**Task requirements**
Please repeat the data exactly. Any picture in it stays out.

Free-text object descriptions
- Opening Delimiter -

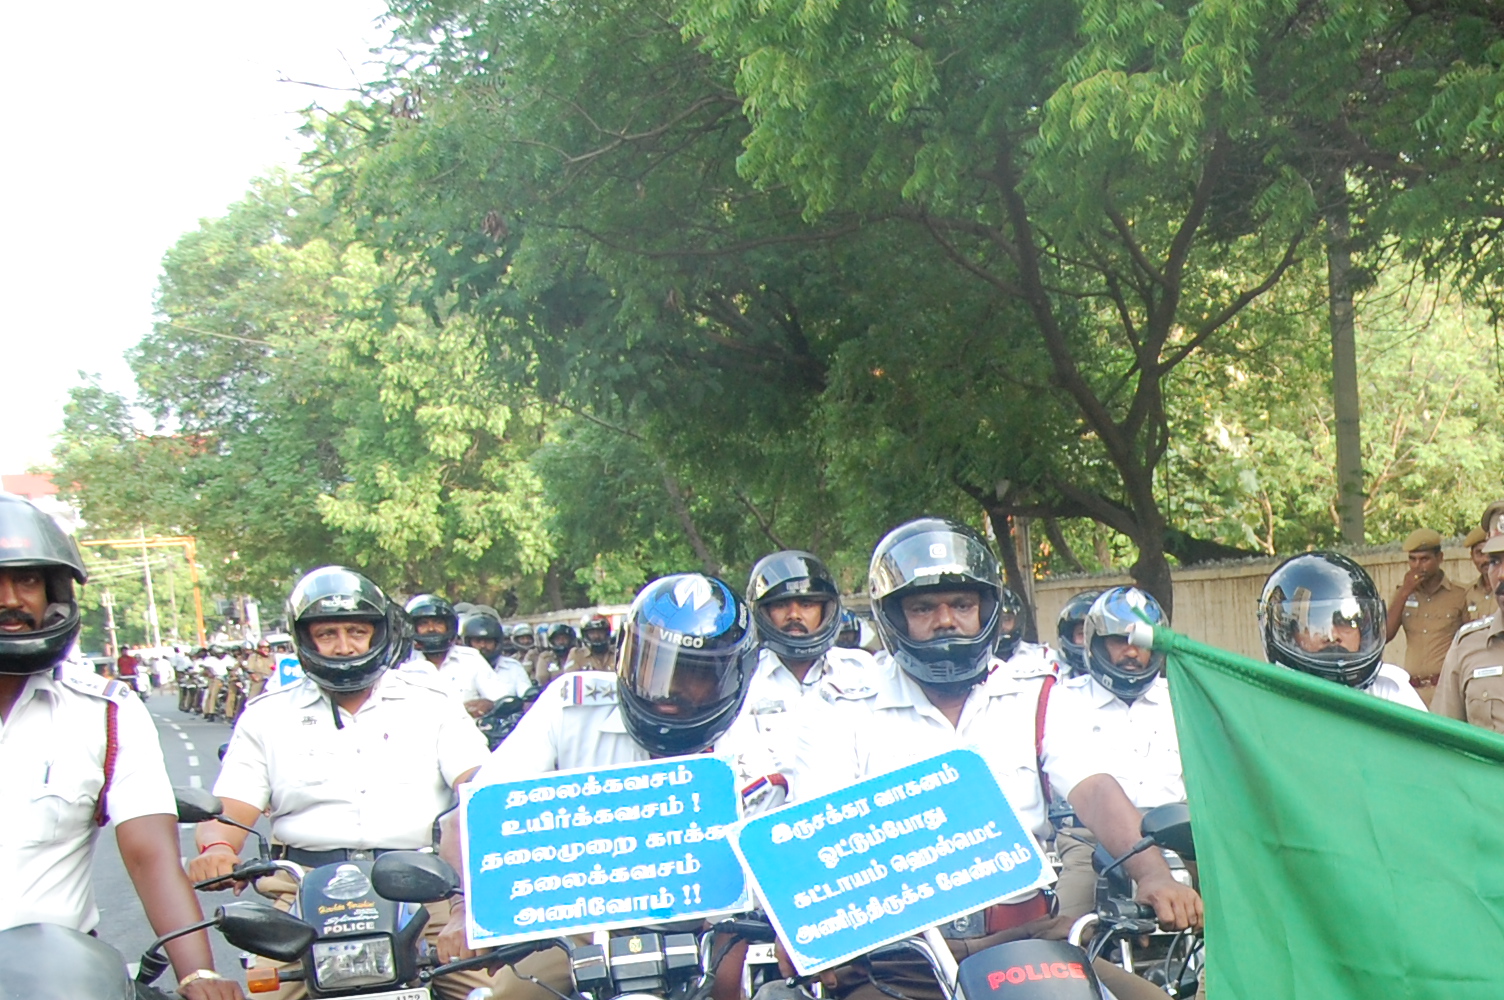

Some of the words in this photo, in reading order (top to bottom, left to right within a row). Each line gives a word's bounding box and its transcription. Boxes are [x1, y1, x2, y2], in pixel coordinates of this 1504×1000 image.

[660, 629, 704, 648] VIRGO
[505, 765, 693, 809] தலைக்கவசம்
[771, 802, 871, 844] இருசக்கர
[873, 763, 960, 808] வாகனம்
[501, 795, 684, 836] உயிர்க்கவசம்
[480, 835, 638, 873] தலைமுறை
[817, 806, 948, 869] ஓட்டும்போது
[510, 853, 701, 900] தலைக்கவசம்
[793, 859, 888, 909] கட்டாயம்
[890, 820, 1002, 873] ஹெல்மெட்
[513, 887, 675, 926] அணிவோம்
[795, 883, 935, 944] அணிந்திருக்க
[935, 843, 1032, 891] வேண்டும்
[323, 921, 375, 935] POLICE
[987, 962, 1087, 990] POLICE

- Closing Delimiter -

**Answer for this exercise**
Some of the words in this photo, in reading order (top to bottom, left to right within a row). Each line gives a word's bounding box and its transcription. Boxes are [x1, y1, x2, y2], in pixel coordinates of this 1504×1000 image.

[660, 629, 704, 648] VIRGO
[505, 765, 693, 809] தலைக்கவசம்
[771, 802, 871, 844] இருசக்கர
[873, 763, 960, 808] வாகனம்
[501, 795, 684, 836] உயிர்க்கவசம்
[480, 835, 638, 873] தலைமுறை
[817, 806, 948, 869] ஓட்டும்போது
[510, 853, 701, 900] தலைக்கவசம்
[793, 859, 888, 909] கட்டாயம்
[890, 820, 1002, 873] ஹெல்மெட்
[513, 887, 675, 926] அணிவோம்
[795, 883, 935, 944] அணிந்திருக்க
[935, 843, 1032, 891] வேண்டும்
[323, 921, 375, 935] POLICE
[987, 962, 1087, 990] POLICE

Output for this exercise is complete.